Data for the task =>
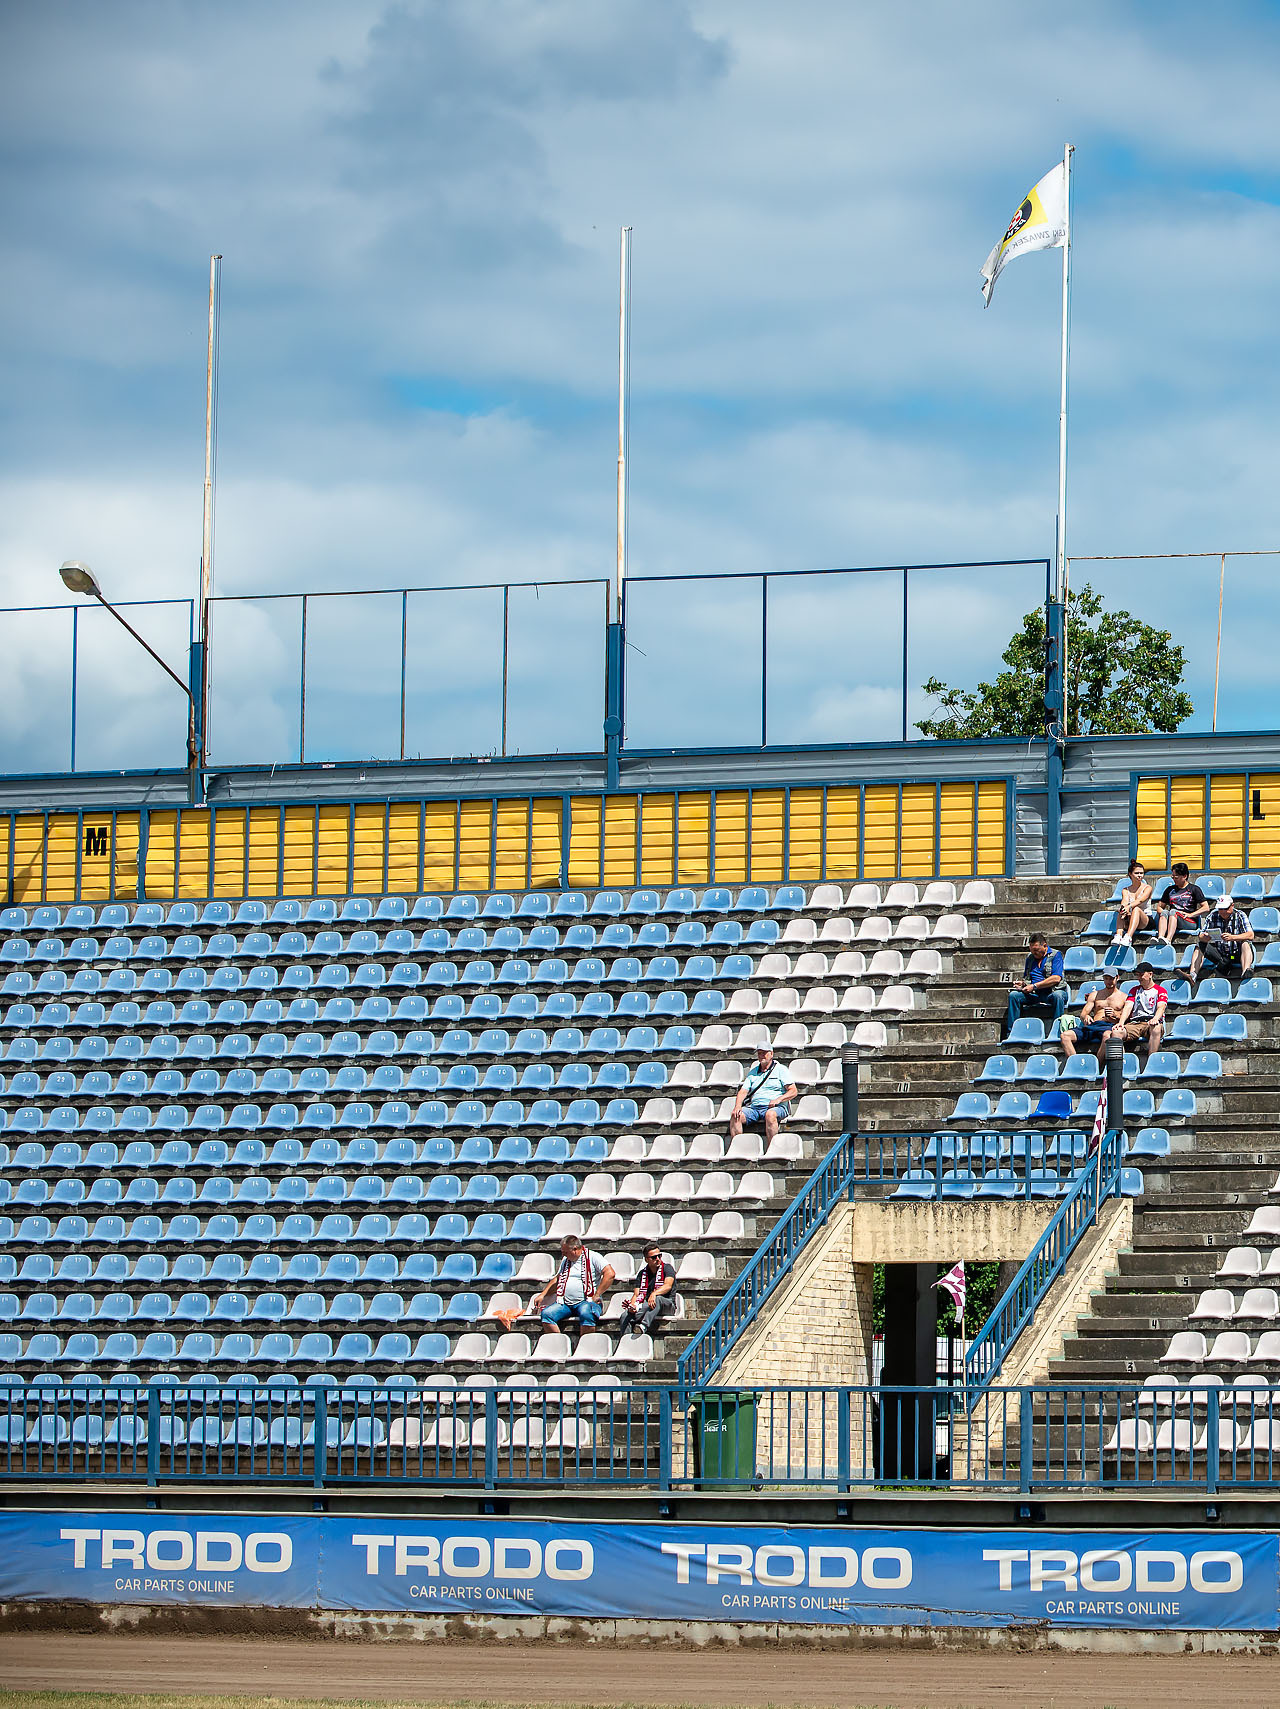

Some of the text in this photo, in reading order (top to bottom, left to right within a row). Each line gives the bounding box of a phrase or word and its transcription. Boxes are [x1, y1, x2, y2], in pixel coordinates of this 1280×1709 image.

[1253, 790, 1265, 820] L
[85, 828, 107, 856] M
[60, 1529, 292, 1572] TRODO
[352, 1535, 593, 1580] TRODO
[661, 1543, 912, 1589] TRODO
[983, 1550, 1243, 1593] TRODO
[115, 1579, 234, 1592] CAR PARTS ONLINE
[410, 1586, 533, 1600] CAR PARTS ONLINE
[722, 1595, 849, 1610] CAR PARTS ONLINE
[1046, 1601, 1179, 1614] CAR PARTS ONLINE

Exercise brief => Repeat every entry exactly, but leave out the pictures.

Problem solution =>
Some of the text in this photo, in reading order (top to bottom, left to right within a row). Each line gives the bounding box of a phrase or word and its transcription. Boxes are [x1, y1, x2, y2], in pixel coordinates of this 1280×1709 image.

[1253, 790, 1265, 820] L
[85, 828, 107, 856] M
[60, 1529, 292, 1572] TRODO
[352, 1535, 593, 1580] TRODO
[661, 1543, 912, 1589] TRODO
[983, 1550, 1243, 1593] TRODO
[115, 1579, 234, 1592] CAR PARTS ONLINE
[410, 1586, 533, 1600] CAR PARTS ONLINE
[722, 1595, 849, 1610] CAR PARTS ONLINE
[1046, 1601, 1179, 1614] CAR PARTS ONLINE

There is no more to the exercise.